- [Exercise directions] Each record below should be output verbatim, without pictures.

- [Material for this exercise]
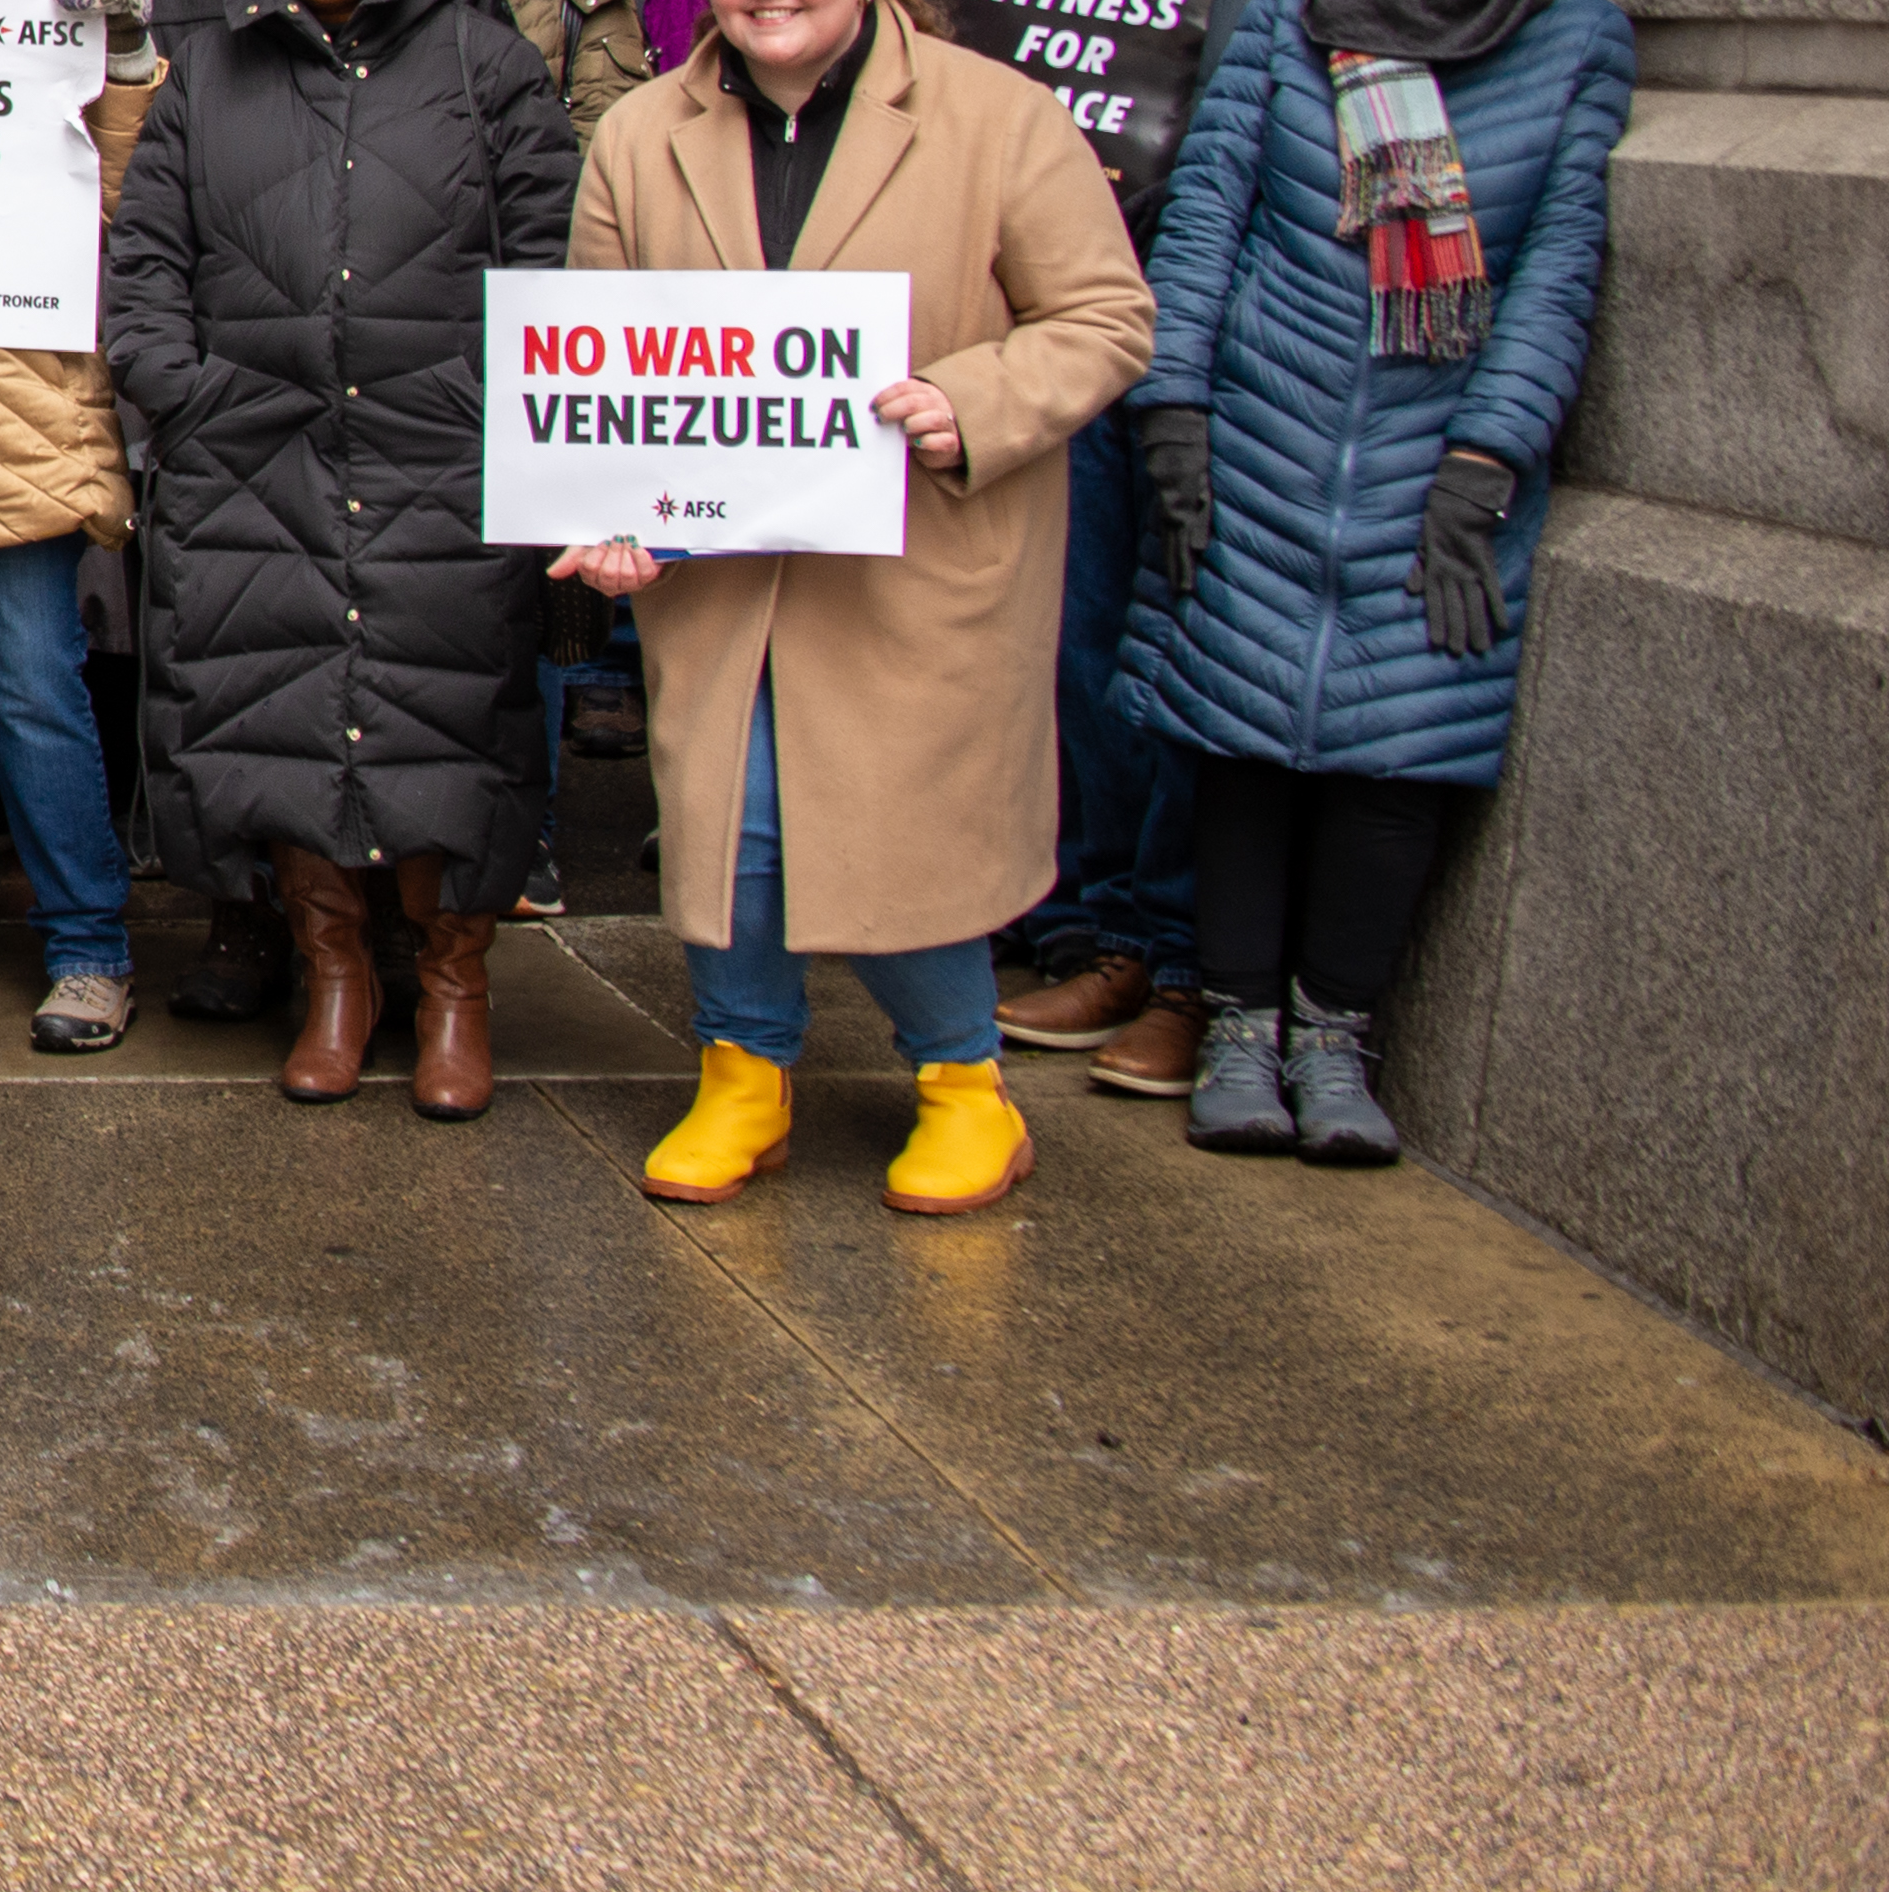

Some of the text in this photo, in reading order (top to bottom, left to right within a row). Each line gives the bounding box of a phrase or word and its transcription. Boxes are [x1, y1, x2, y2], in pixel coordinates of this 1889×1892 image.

[17, 20, 85, 48] AFSC
[1014, 24, 1117, 76] FOR
[523, 325, 861, 379] NO WAR ON
[522, 392, 861, 449] VENEZUELA
[683, 500, 726, 519] AFSC

- [Answer below]
Some of the text in this photo, in reading order (top to bottom, left to right within a row). Each line gives the bounding box of a phrase or word and its transcription. Boxes are [x1, y1, x2, y2], in pixel coordinates of this 1889×1892 image.

[17, 20, 85, 48] AFSC
[1014, 24, 1117, 76] FOR
[523, 325, 861, 379] NO WAR ON
[522, 392, 861, 449] VENEZUELA
[683, 500, 726, 519] AFSC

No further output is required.